## INSTRUCTIONS FOR THE TASK:
Copy out the records precisely, omitting pictures.
'''
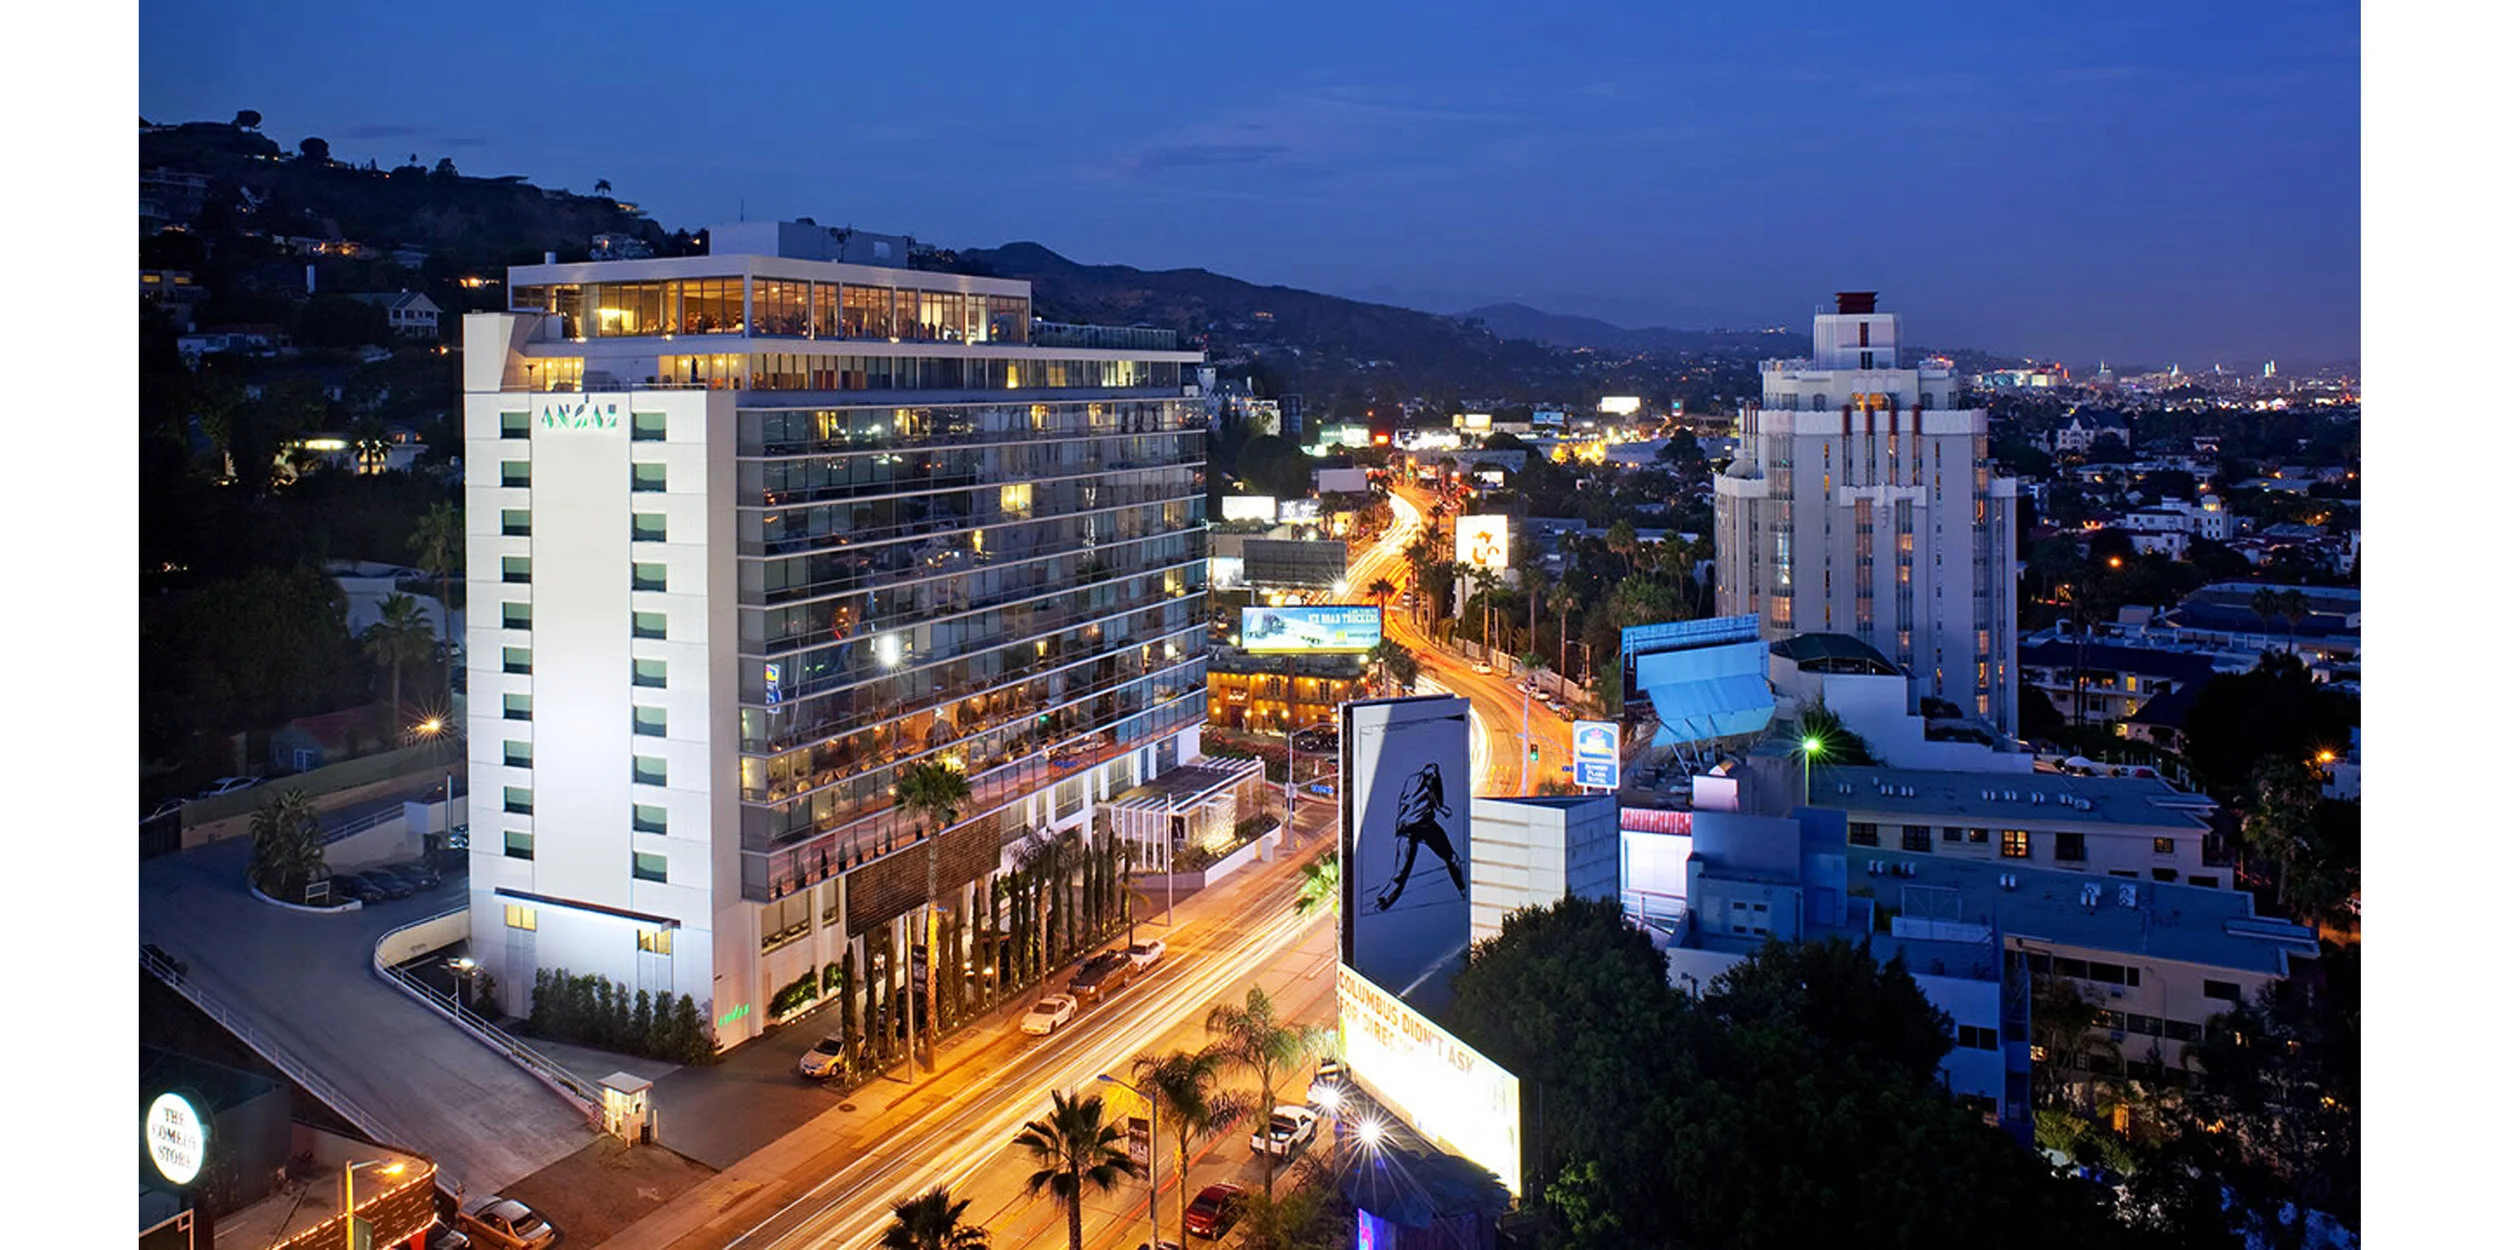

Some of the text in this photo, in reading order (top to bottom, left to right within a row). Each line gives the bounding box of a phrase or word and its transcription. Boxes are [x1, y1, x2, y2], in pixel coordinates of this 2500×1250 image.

[1339, 996, 1359, 1022] FOR
[1339, 971, 1399, 1027] COLUMBUS
[1448, 1046, 1475, 1075] ASK
[164, 1107, 184, 1126] THE
'''
## ANSWER TO THIS EXERCISE:
Some of the text in this photo, in reading order (top to bottom, left to right within a row). Each line gives the bounding box of a phrase or word and its transcription. Boxes are [x1, y1, x2, y2], in pixel coordinates of this 2500×1250 image.

[1339, 996, 1359, 1022] FOR
[1339, 971, 1399, 1027] COLUMBUS
[1448, 1046, 1475, 1075] ASK
[164, 1107, 184, 1126] THE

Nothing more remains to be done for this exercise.